Treinta de los judíos más buscados de Palestina escuchaban las noticias alrededor del viejo aparato de radio instalado sobre una mesa rodeada de sillas, llena de tazas y una docena de botellas de vodka. A menos de doscientos metros, en su cercado de alambradas, se encontraba el cuartel general de la Seguridad británica, cuyos oficiales los habían perseguido durante dos años a través de todo el país. Imponente, con la calva cabeza atravesada por un solo mechón de pelo, el que los había reunido estaba sentado al final de la mesa. Oficial del Ejército del Zar, luchador de circo, cantero, vendedor de mesas, periodista y doctor en Filosofía, Isaac Sadeh era ya un personaje legendario. Sin embargo, no era el talento que había mostrado en tan diversas profesiones lo que le había valido la viva admiración de sus compañeros y el odio encarnizado de los policías ingleses. Era el padre espiritual de la «Haganah», el ejército secreto de la comunidad judía de Palestina, y el fundador de su punta de lanza, el cuerpo escogido del «Palmach», la «fuerza de choque».

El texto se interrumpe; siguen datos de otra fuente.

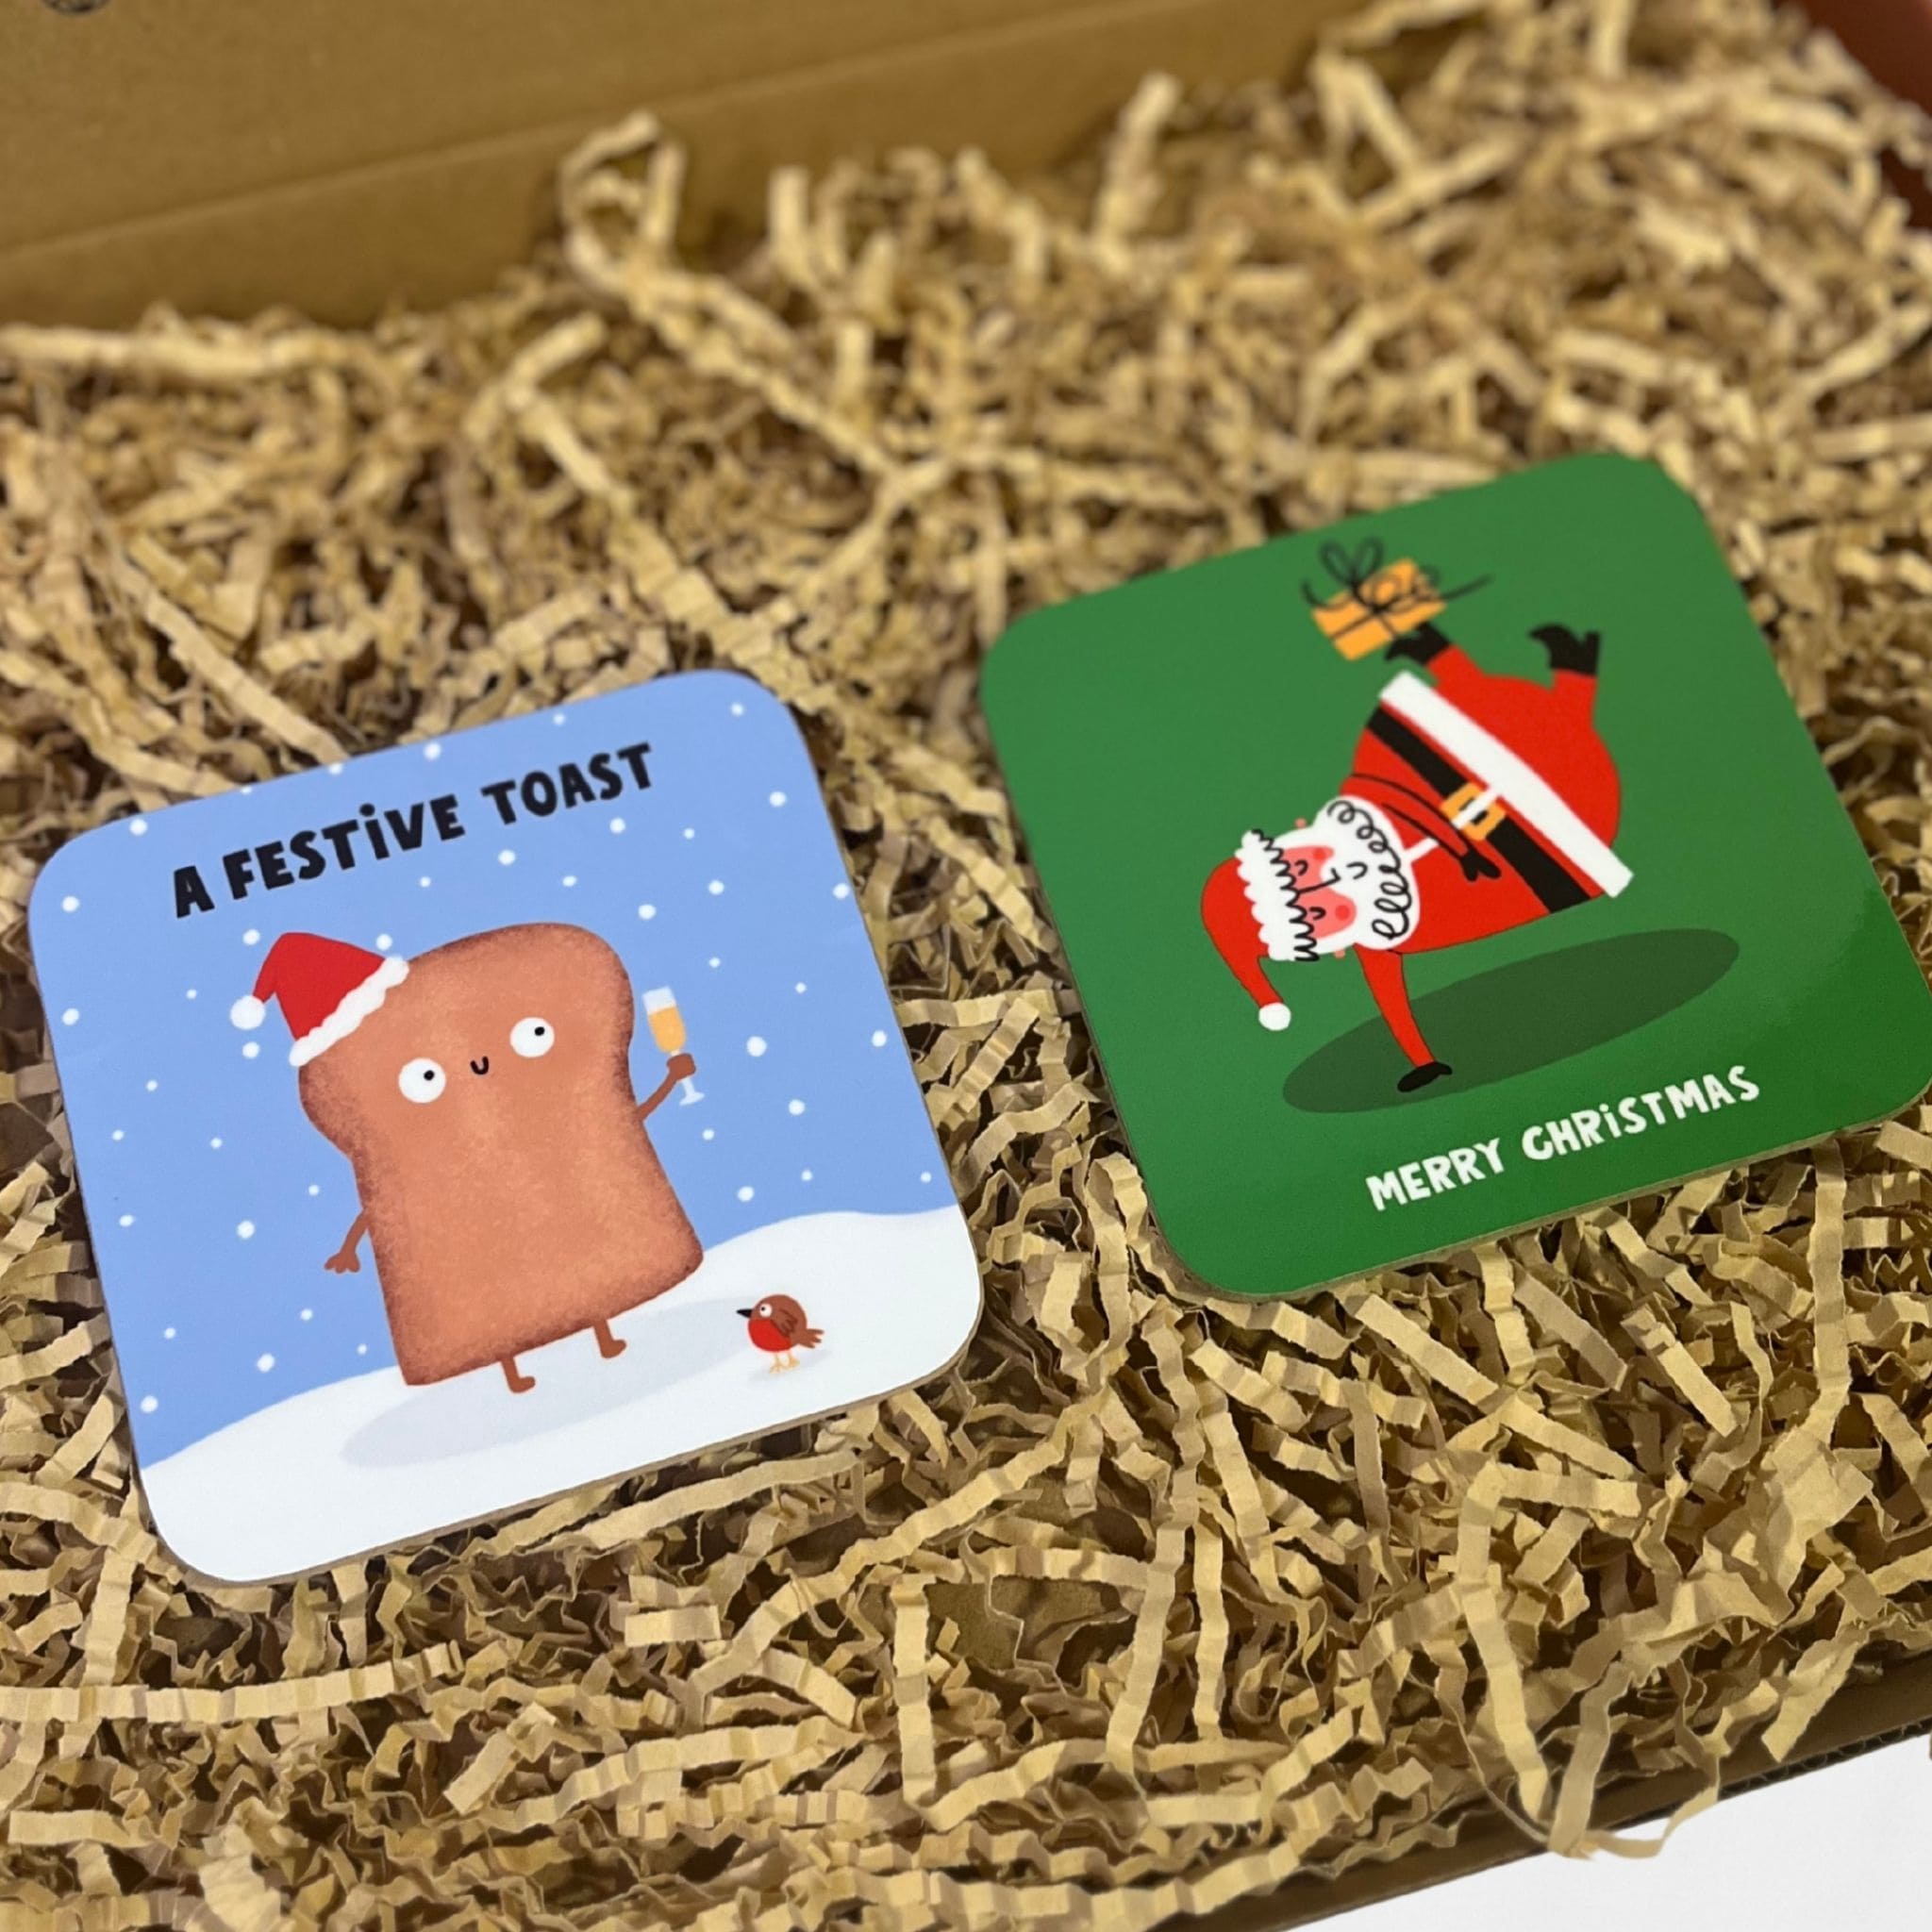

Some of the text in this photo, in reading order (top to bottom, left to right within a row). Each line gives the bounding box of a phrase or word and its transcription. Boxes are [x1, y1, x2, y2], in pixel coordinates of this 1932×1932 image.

[174, 865, 215, 919] A
[480, 742, 653, 825] TOAST
[1366, 1138, 1506, 1211] MERRY
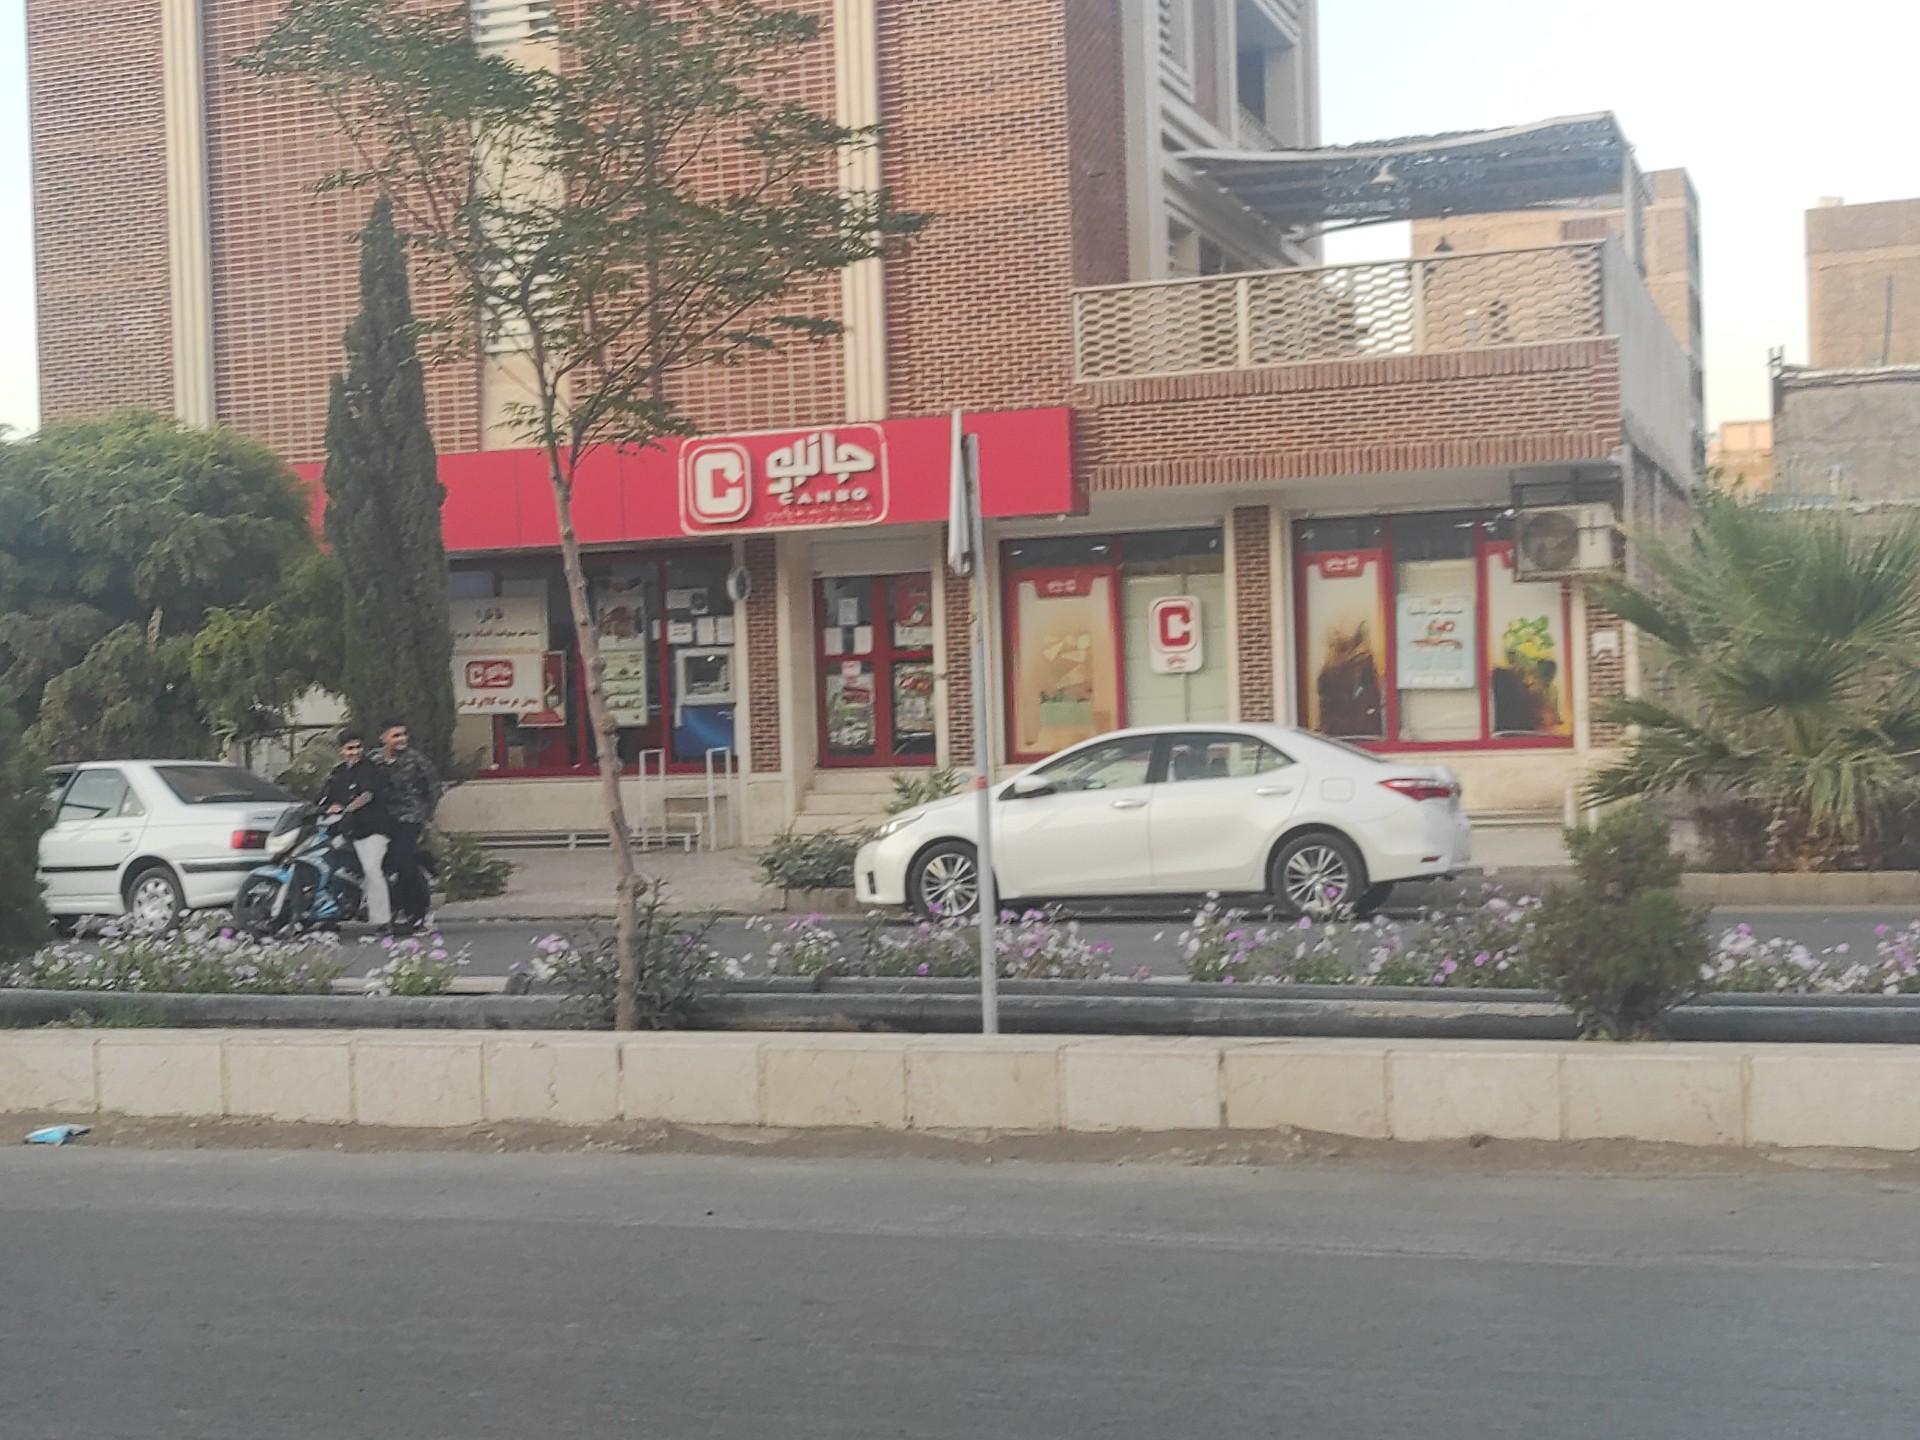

Inspirado en los principios marxistaleninistas, el «Palmach» era un ejército sin insignias, sin verdadero uniforme, sin desfiles, sin disciplina estricta, un ejército donde el grado sólo daba derecho al privilegio de morir el primero.
Hacía cuarenta y ocho horas que Isaac Sadeh conferenciaba, en aquella habitación superpoblada, con los jóvenes jefes del «Palmach», hombres de los que oiría hablar el mundo entero veinte años más tarde, hombres como Yigal Alon e Isaac Rabin.
—Si la votación es positiva —declaró con gravedad—, los árabes nos harán la guerra. Y su guerra nos costará cinco mil vidas humanas.
Tras un silencio, añadió:
—Y si es negativa, nosotros seremos los que haremos la guerra a los árabes.
Esta perspectiva pareció petrificar a la asistencia. Después, la radio comenzó a desgranar cada resultado. Isaac Sadeh alargó el brazo, tomó una botella de vodka y se sirvió un vaso lleno. Levantando a continuación su vaso a la salud de los jóvenes oficiales, dijo con una triste sonrisa:
—Amigos míos, el momento es tan grave, que creo deberíamos dedicar un brindis a cada uno de los votos.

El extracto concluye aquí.